The researchers are currently evaluating multiple related vaccine candidates in mice, varying in composition, dose, schedule, and formulation, GEN was told. “Based on comparative preclinical data—including durability, breadth of protection—we will select the most promising candidate to advance. This will include optimization of the nasal delivery method/device and assessment of manufacturability and stability,” Pulendran said.
Development pathway
Once a lead candidate is selected, the researchers will undertake formal toxicology studies, “with particular attention to local tolerability in the nasal and lung compartments and careful profiling of inflammatory and immune activation signatures,” alongside preclinical studies to assess breadth and durability of protection across respiratory pathogens. “We will further define the immune features associated with durable, lung-localized protection, with an emphasis on identifying biomarkers that could be monitored in Phase I trials to guide dose and schedule selection,” Pulendran explained to GEN. “The timeline to IND is highly dependent on securing dedicated funding, completing lead-candidate selection, scaling manufacturing, and conducting formal GLP toxicology studies. At present, we are actively exploring funding mechanisms to support these IND-enabling activities.… Broadly, a multi-year path to first-in-human studies is realistic, with the more optimistic timelines contingent on the availability of substantial resources.”
A truly universal vaccine
In the best case scenario, with enough funding, Pulendran estimates a universal respiratory vaccine might be available in five to seven years. This could represent a bulwark against new pandemics and simplify seasonal vaccinations. “This could serve as an early pandemic countermeasure, providing broad protection before strain-matched vaccines are available,” they wrote. “Outside pandemic settings, seasonal administration could protect against influenza, common cold viruses, RSV, and other respiratory threats—ultimately paving the way toward a truly universal vaccine.”
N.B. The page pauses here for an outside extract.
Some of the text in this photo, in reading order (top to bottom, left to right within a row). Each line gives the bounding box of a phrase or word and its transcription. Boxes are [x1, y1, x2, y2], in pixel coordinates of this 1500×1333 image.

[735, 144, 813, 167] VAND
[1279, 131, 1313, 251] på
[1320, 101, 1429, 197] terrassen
Pulendran said, “Imagine getting a nasal spray in the fall months that protects you from all respiratory viruses, including COVID-19, influenza, respiratory syncytial virus, and the common cold, as well as bacterial pneumonia and early spring allergens. That would transform medical practice.” Speaking to GEN, Pulendran added, “One of the attractive features is that the core “innate-activating/tissue-conditioning” concept is platform-like, and in principle could be paired rapidly with a new pathogen antigen to tailor adaptive responses. That said, even with a platform, the preclinical and regulatory requirements for a new product (or a substantially modified product) still dictate timelines. In a true emergency, development can be accelerated, but it is best to describe timelines qualitatively rather than committing to a specific number of months.”
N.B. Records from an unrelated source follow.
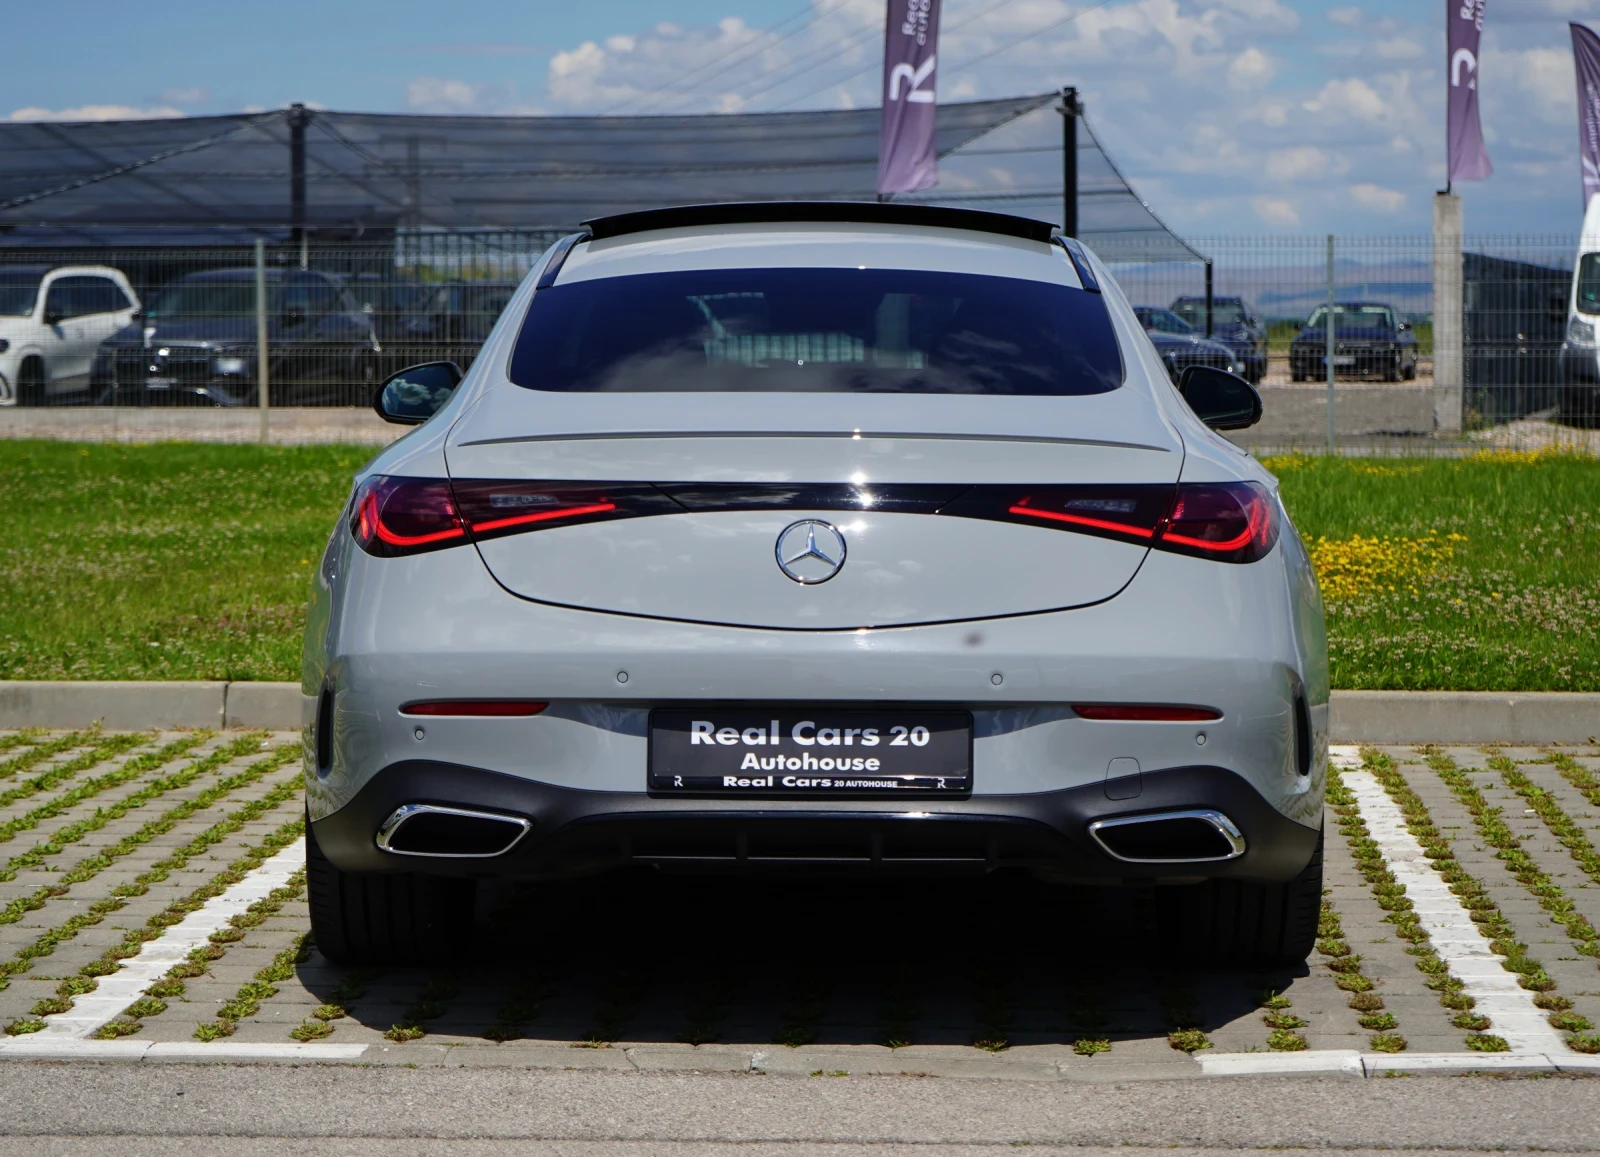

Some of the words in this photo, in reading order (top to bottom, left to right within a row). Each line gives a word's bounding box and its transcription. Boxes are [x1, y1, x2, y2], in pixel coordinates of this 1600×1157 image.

[691, 720, 780, 745] Real
[791, 721, 880, 747] Cars
[889, 725, 930, 747] 20
[740, 753, 881, 771] Autohouse
[723, 775, 774, 787] Real
[782, 776, 832, 787] Cars
[846, 780, 898, 788] AUTOHOUSE
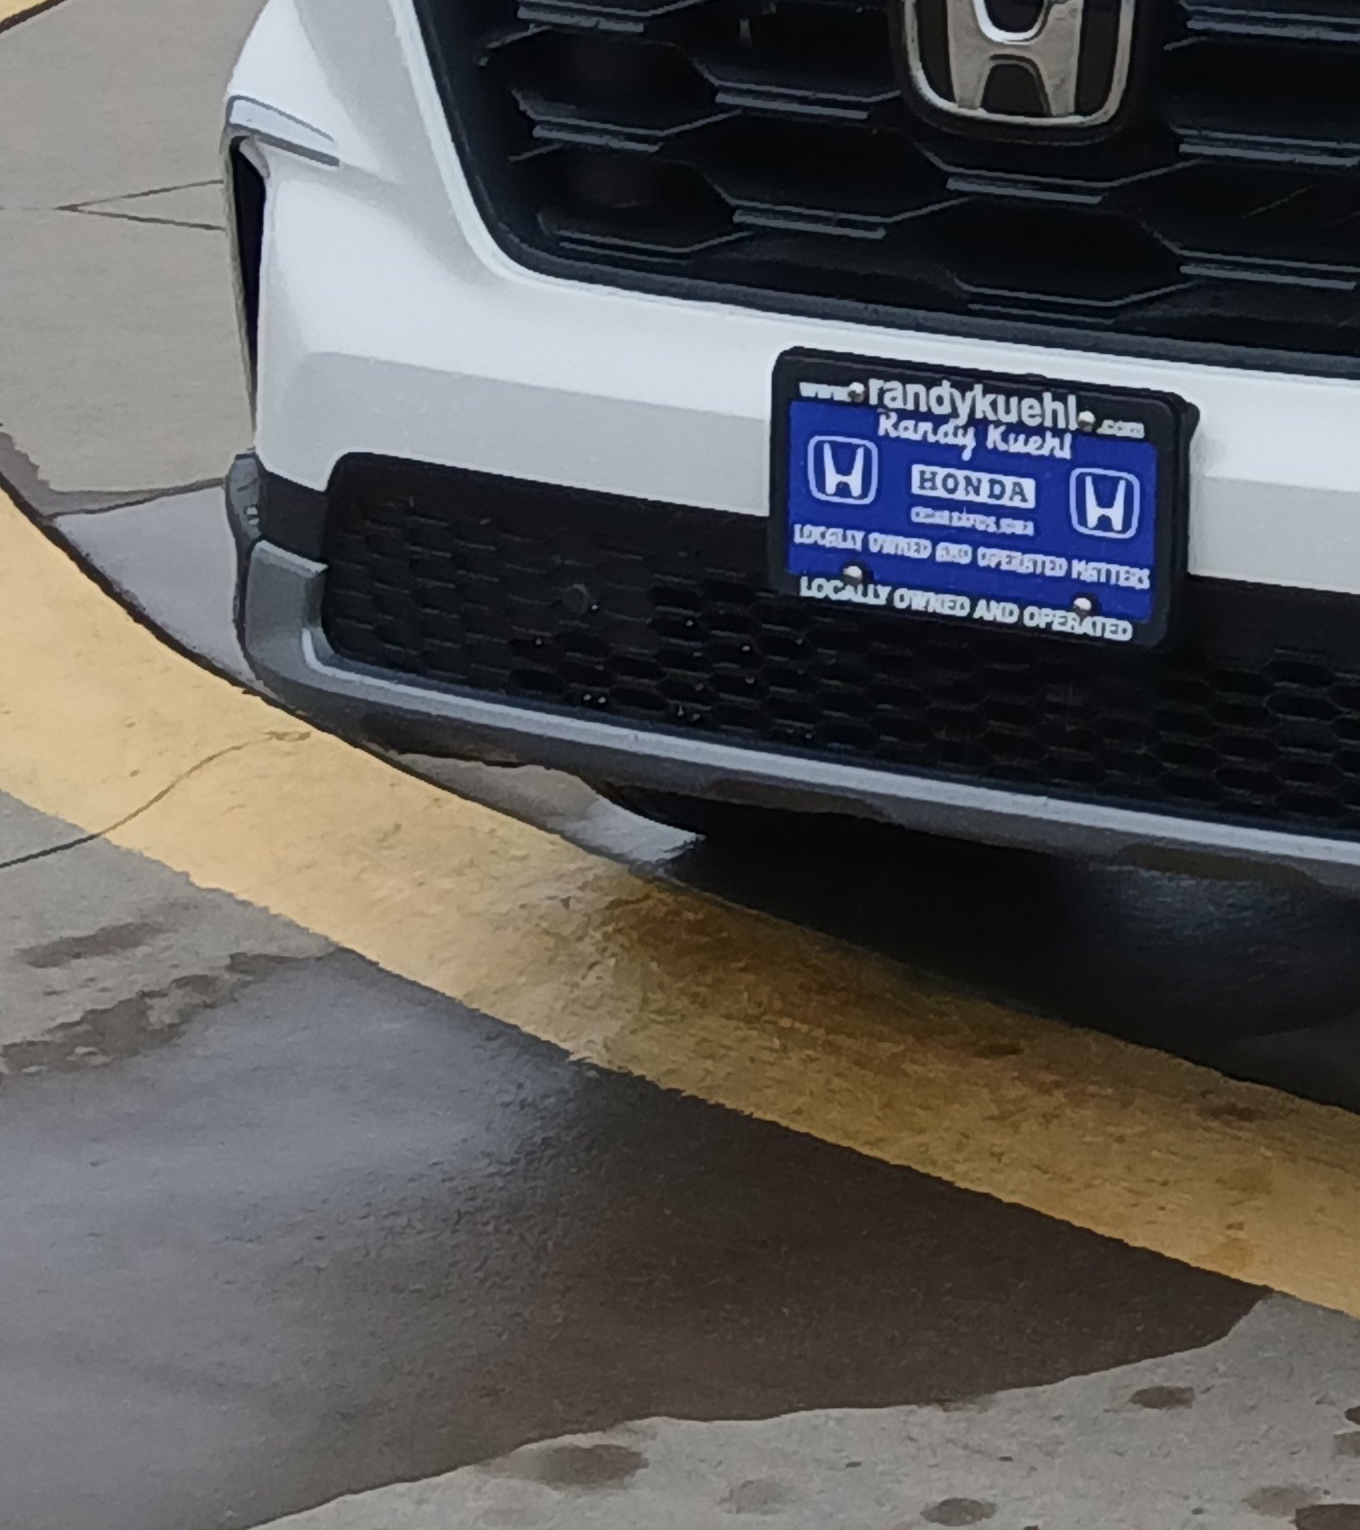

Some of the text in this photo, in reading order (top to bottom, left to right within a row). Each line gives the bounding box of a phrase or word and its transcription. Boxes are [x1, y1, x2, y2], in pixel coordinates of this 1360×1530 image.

[867, 378, 1079, 431] randykuehl
[877, 408, 1073, 461] Randy Kuehl
[918, 469, 1029, 504] HONDA
[800, 576, 1133, 642] LOCALLY OWNED AND OPERATED
When asked about the potential to expand the platform beyond the lung, Pulendran said, “The broader concept—durable, localized protection through coordinated innate–adaptive ‘integrated organ immunity’—could potentially be adapted to other mucosal or tissue sites (e.g., upper airway, gut), but it would require site-appropriate delivery approaches, optimization of safety/tolerability, and validation that the same type of durable, beneficial immune state can be induced without pathology.”